Well, that was fast. On Monday the Edmonton Oilers announced that 2012 first overall pick Nail Yakupov had agreed to a two-year contract extension with the team.
— Edmonton Oilers (@EdmontonOilers) April 13, 2015
The club did not release contract terms when they announced the deal, but TSN’s Ryan Rishaug offered a good guess early and then Sportsnet’s Elliotte Friedman revealed the final figure:
I’d expect Yakupov extension to be in the range of 2.3 to 2.5 million per season give or take.
— Ryan Rishaug (@TSNRyanRishaug) April 13, 2015
Yakupov is 2 years, $2.5M AAV
— Elliotte Friedman (@FriedgeHNIC) April 13, 2015
It’s a departure from Edmonton’s usual treatment of its top young players. The Oilers have typically preferred long-term, big-money deals early, as we saw with Taylor Hall, Jordan Eberle and Ryan Nugent-Hopkins. Yakupov is a different player and has had a more difficult learning curve than that trio, so the Oilers have wisely opted to take a more cautious approach in his case.
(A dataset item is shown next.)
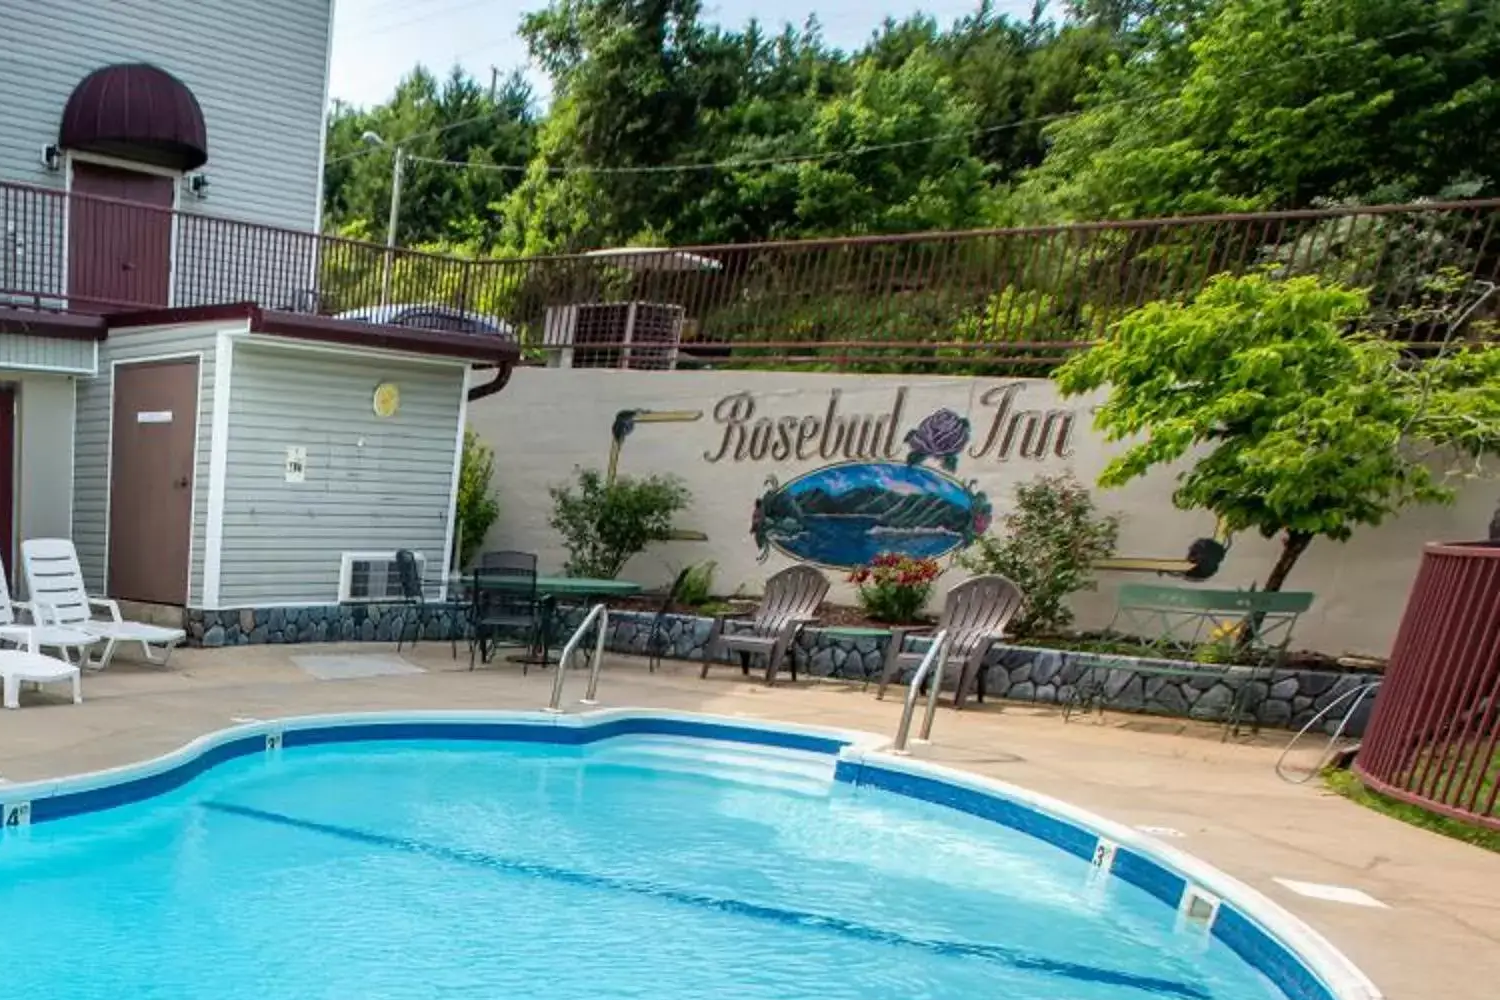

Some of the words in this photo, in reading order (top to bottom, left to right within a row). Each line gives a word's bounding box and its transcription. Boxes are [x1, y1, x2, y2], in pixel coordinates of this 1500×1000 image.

Yakupov’s combination of physical skills is obvious. He’s a gifted skater, plays an energetic physical game and his shot sets him apart as a special player, even if it’s a talent he hasn’t truly harnessed yet. We started to see him used more effectively on the power play in the latter half of the year, and he got a nice bump early playing with Derek Roy (though the Oilers both can and should look into upgrading Yakupov’s centre). The potential is clear, and it seems he’s beginning to realize it.
He’s also a combined minus-68 over the last two seasons. There are a lot of reasons for that which aren’t necessarily on Yakupov, but hockey sense and playing within a team structure have not been strengths in his early career, and I can only imagine what his tendency to carry the puck into traffic in the defensive zone is doing to the cardiac health of his coaches and managers. For all his ability, he’s still a flawed player who needs veteran mentors on the ice and a coach willing to work through his unique approach to the game. He seemed to be getting that treatment late in the year; it’s imperative that it continue.
The good news for Oilers fans today is that the team hasn’t given up. Yakupov is sealed for two more seasons, and Edmonton will retain control of his rights for two more years after that. The price-point in the here-and-now is reasonable under the circumstances, particularly if Yakupov continues to grow as a player.
All-in-all it’s not a bad day for the team or the player. Because of the uniqueness of the situation, these negotiations had at least the potential to go sideways, but both parties seem interested in making this marriage work.